REAL life is spending a lot of collective family time wondering what’s in the fridge. Having slightly chaotic 17-way conversations around the dinner table. Dealing with mess in the sink. Receiving impromptu kisses from your toddler. Doing the laundry together.

These are scenes I may not think of documenting right now, but I’ll bet that one day, I’ll look out my front door to the hills and struggle to remember what that had looked like 5, 10, 15 years ago. What my everyday had been like 5, 10, 15 years ago.

So here’s my effort to document the mundane in my camera phone. I’m aiming to take and post a photo every waking hour today – mostly through my phone, so excuse photo sizes.


7:16am – Little girl is up. Me, not so much


8:07am – Arddun decides that not having bubbles Right This Minute is dreadfully unfair


9:21am – Getting dressed to do some Christmas shopping. It’s going to be hot today!


9:53am – Postman brings some Peter’s of Kensington goodness


11:00am – Scored a $29-blackboard for Arddun


12:05pm – Sushi lunch


1:10pm – Owing to time spent lost in carpark trying to locate teeny tiny door to Kmart’s customer collection centre (which turned out to be the same colour as the surrounding walls, BTW), we didn’t get home quite in time before Arddun fell asleep. Decided to embark on part 2 of Christmas shopping.


2:20pm – Arddun and I enter a store to secure Tony’s Christmas present! And then we stood outside and took a picture of the store, and OH WHAT A SHAME. My finger got in the way. I guess Tony will have to wait till Christmas.


3:14pm – Connect Cafe, cooling down from the searing heat with an ice-cold


4:13pm – Last-minute grocery shopping for church thanksgiving potluck, and Arddun scores a helium balloon while sussing out the new hair shop opposite. Very special gift.


4:57pm – Puttering around the courtyard with a small bucket of water while I prepare her dinner.


6:08pm – Cooking a chicken curry for tonight’s Thanksgiving with the church that starts at 6:30pm. Unfortunately, Tony isn’t home yet. Oh well. Better late than never, eh?


7:13pm – Church and food!
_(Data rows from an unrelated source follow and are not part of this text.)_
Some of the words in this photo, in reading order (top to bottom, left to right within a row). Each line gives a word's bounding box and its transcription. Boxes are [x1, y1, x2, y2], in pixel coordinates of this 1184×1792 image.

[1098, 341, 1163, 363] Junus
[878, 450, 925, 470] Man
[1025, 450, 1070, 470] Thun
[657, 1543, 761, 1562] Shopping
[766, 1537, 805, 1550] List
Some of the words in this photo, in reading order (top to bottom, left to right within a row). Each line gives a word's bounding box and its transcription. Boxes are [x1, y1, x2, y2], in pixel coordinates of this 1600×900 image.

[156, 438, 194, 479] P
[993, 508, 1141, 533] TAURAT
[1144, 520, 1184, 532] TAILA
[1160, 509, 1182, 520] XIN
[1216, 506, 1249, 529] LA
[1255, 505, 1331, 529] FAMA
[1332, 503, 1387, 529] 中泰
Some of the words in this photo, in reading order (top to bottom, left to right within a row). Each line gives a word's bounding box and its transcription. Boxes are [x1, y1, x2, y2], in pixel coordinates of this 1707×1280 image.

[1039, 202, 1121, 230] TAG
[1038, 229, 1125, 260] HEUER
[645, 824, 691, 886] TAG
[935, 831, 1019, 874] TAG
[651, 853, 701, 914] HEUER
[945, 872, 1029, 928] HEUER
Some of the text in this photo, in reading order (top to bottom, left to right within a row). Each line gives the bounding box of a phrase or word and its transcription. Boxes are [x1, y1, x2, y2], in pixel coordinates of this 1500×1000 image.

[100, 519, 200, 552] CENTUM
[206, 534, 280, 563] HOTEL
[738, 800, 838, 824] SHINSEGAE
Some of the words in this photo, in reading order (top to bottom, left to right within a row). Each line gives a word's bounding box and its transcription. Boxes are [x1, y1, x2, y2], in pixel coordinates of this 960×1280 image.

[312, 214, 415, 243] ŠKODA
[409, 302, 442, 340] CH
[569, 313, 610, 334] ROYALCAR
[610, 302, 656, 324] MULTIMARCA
When many gather in His name here, somehow there’s always food.


8:00pm – Right on 8 o’clock, this little guy thanks God for me! (Might have been a sympathy vote because I had been blubbering during my thanksgiving, but I’m pretty chuffed.)


9:34pm – Got home to find that someone had tried to wash her daddy’s clothes, but probably lost interest by the time she got to the door.


10:02pm – Continue freelance work


11:22pm – Start preparing for bed



Well, it’s been interesting. I’ve always wondered how people found the time to microblog 8 times a day and thought I could never be one of them. That my most immediate problem would be the lack of content, a close second being the lack of time.

And yet, looky what I’ve done here!

Content-wise, this is chicken feed. I’ve just uploaded a picture of my night face cream, for crying out loud. Not many brain cells were fried in the makings of this post, but it took commitment and time anyhow. I was also surprised by how many moments I couldn’t catch through photos, but that I wished I had.

For instance:

  • 11:53am – Pushing stroller with heavy 17½-month-old and shopping up a loooong stalled travellator – while wearing cute open-toe sandals with almost zero-grip. Got to a point halfway up (after I’d lost momentum from my running start) where I needed to grip handrail and physically pull us all upward. Shoes actually started sliding backwards at 75% mark. Nice young fella saved the day by rocketing stroller (and Arddun) up to the top while I giggled after him like a nincompoop.
  • 4:35pm – Physically getting Arddun into car and strapped into carseat as she hangs on to orange balloon for dear life while repeatedly kissing it. Orange balloon is still attached to shopping trolley.

I seriously doubt I’ll be microblogging my everyday moments from here on end. But this exercise has given me pause about what else I care passionately enough of to be able to write constantly.